PART TWO-In the Aftermath of Asbestos: Mesothelioma and the Law
In PART TWO of our series, we’ll explore the complex and sometimes convoluted field of asbestos mesothelioma law—including its history, current applications and issues related to the future.
Mesothelioma law revolves around what is often called the “toxic tort”—a type of personal injury claim involving a substance known to be hazardous to human health that was negligently exposed to the public. Other common toxic tort cases relate to certain pharmaceuticals, as well as biohazards like Agent Orange.
The History of Mesothelioma and the Law
Asbestos-related illnesses first became a concern of the American medical community in the early decades of the 21st century, and the first related lawsuit was filed in 1929. That case was settled, with an agreement between both the parties and their respective counsel, not to pursue further litigation.
Until the large-scale issuance of regulations on asbestos began to occur in the 1970s and 1980s—much of it, by government bureaus like the Environmental Protection Agency (EPA) and the Occupational Health and Safety Administration (OHSA)—asbestos legal issues were relatively far and far between.
After that point, however, litigation regarding personal injury due to asbestos exposure experienced a sudden and drastic rise of occurrence. To date, well over 700,000 claimants have brought cases against more than 8,000 defendants—making asbestos the source of the largest U.S.-based mass tort in history.
With asbestos-related illnesses being diagnosed at a rate of more than 10,000 per year, resulting lawsuits have become an ever-present fixture on civil court dockets—even reaching as far as the U.S. Supreme Court, which has twice rejected attempts at settling asbestos injury cases via a massive class-action lawsuit.
The current standard for individual asbestos lawsuits is settlement—an out-of-court agreement reached between the two opposing parties to pay a negotiated sum of compensatory damages to the claimant.

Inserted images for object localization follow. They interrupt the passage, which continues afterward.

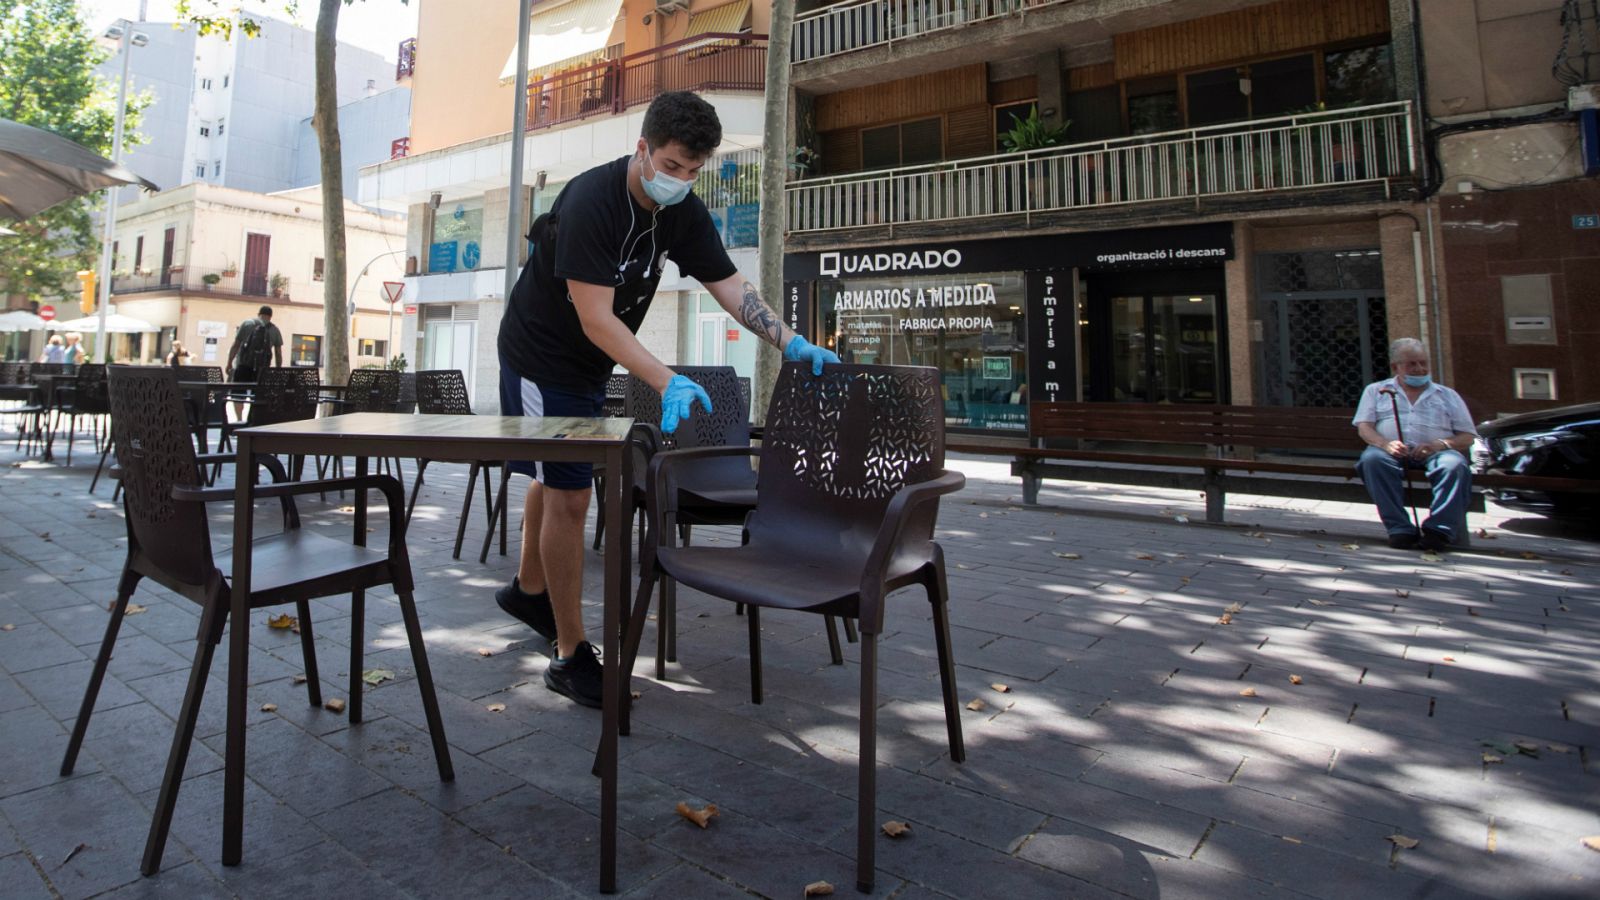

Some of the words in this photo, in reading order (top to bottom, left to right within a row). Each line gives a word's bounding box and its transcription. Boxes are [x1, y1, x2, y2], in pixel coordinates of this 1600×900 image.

[1578, 217, 1594, 227] 25
[820, 249, 962, 278] QUADRADO
[1097, 249, 1167, 263] organització
[1169, 249, 1174, 259] i
[1176, 247, 1226, 259] descans
[834, 288, 911, 311] ARMARIOS
[915, 289, 927, 308] A
[931, 284, 997, 308] MEDIDA
[1043, 275, 1058, 348] armaris
[900, 317, 946, 330] FABRICA
[949, 316, 994, 329] PROPIA
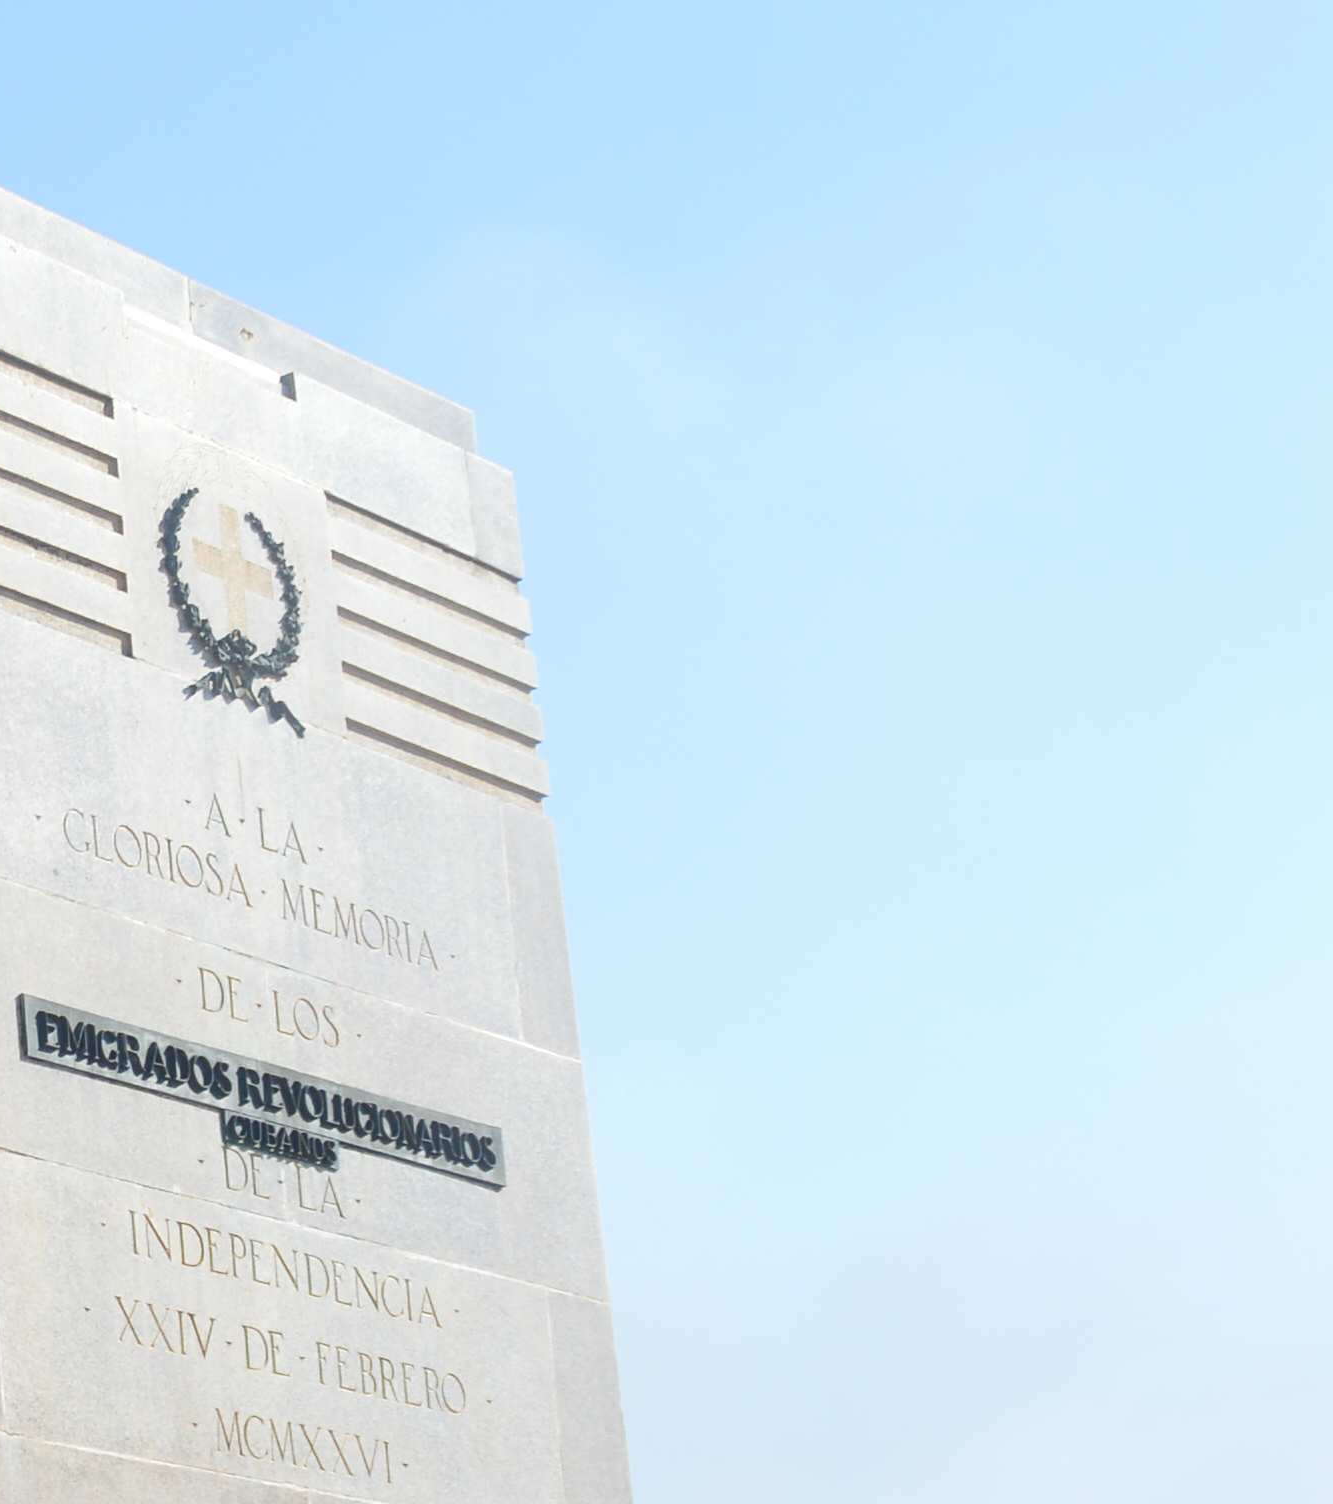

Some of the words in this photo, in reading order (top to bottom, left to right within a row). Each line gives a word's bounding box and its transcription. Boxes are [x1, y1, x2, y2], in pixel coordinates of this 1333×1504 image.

[204, 793, 231, 838] A
[257, 807, 308, 865] LA
[63, 808, 253, 908] GLORIOSA
[281, 878, 439, 971] MEMORIA
[198, 966, 248, 1023] DE
[272, 989, 339, 1048] LOS
[34, 1009, 233, 1100] EMIGRADOS
[236, 1066, 498, 1173] REVOLUCIONARIOS
[226, 1115, 337, 1166] CUBANOS
[220, 1145, 270, 1200] DE
[294, 1162, 346, 1219] LA
[128, 1209, 442, 1329] INDEPENDENCIA
[114, 1295, 216, 1359] XXIV
[241, 1324, 290, 1377] DE
[315, 1341, 466, 1415] FEBRERO
[215, 1407, 392, 1483] MCMXXVI
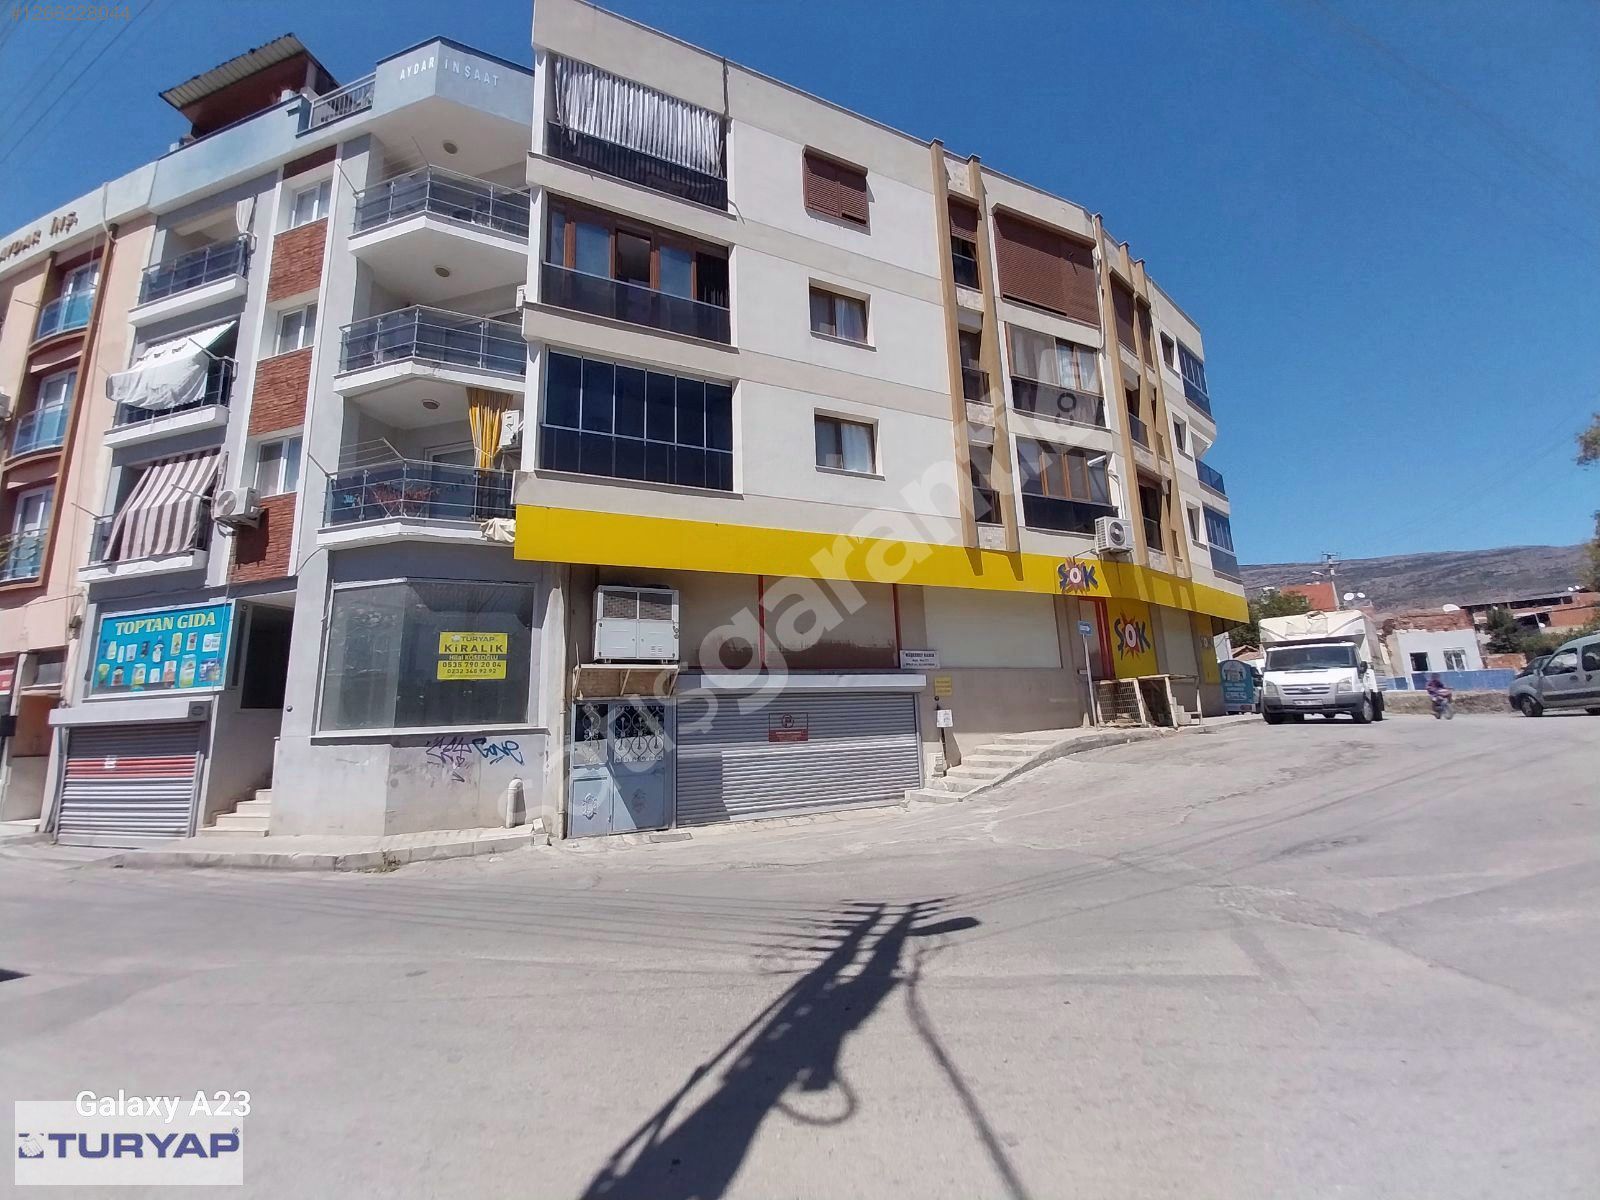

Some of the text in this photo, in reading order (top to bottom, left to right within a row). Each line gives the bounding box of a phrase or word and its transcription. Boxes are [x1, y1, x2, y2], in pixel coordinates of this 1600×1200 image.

[400, 56, 435, 81] AYDAR
[115, 611, 216, 636] TOPTAN GIDA

The average amount of such settlements is around one-million dollars.
Some cases do proceed to trial, but odds are not generally perceived to be on the defendants’ side in cases of documented asbestos injury following exposure.
Concerns about the Future of Mesothelioma Law
If the current trends continue, the overall cost of asbestos-injury litigation is projected to surpass $200 billion within the coming decades.
Efforts towards imposing federal regulation have been futile, but a currently pending piece of legislation—the Furthering Asbestos Claim Transparency Act (FACT)—is a current concern for victims’ advocacy organization and legal professionals alike.
Previous attempts, like 2003’s Fairness in Asbestos Injury Resolution Act, have failed to reach initiation. But even if the FACT Act meets the same fate, it is expected that lobbyists for the manufacturing industry will continue to make attempts at securing government intervention.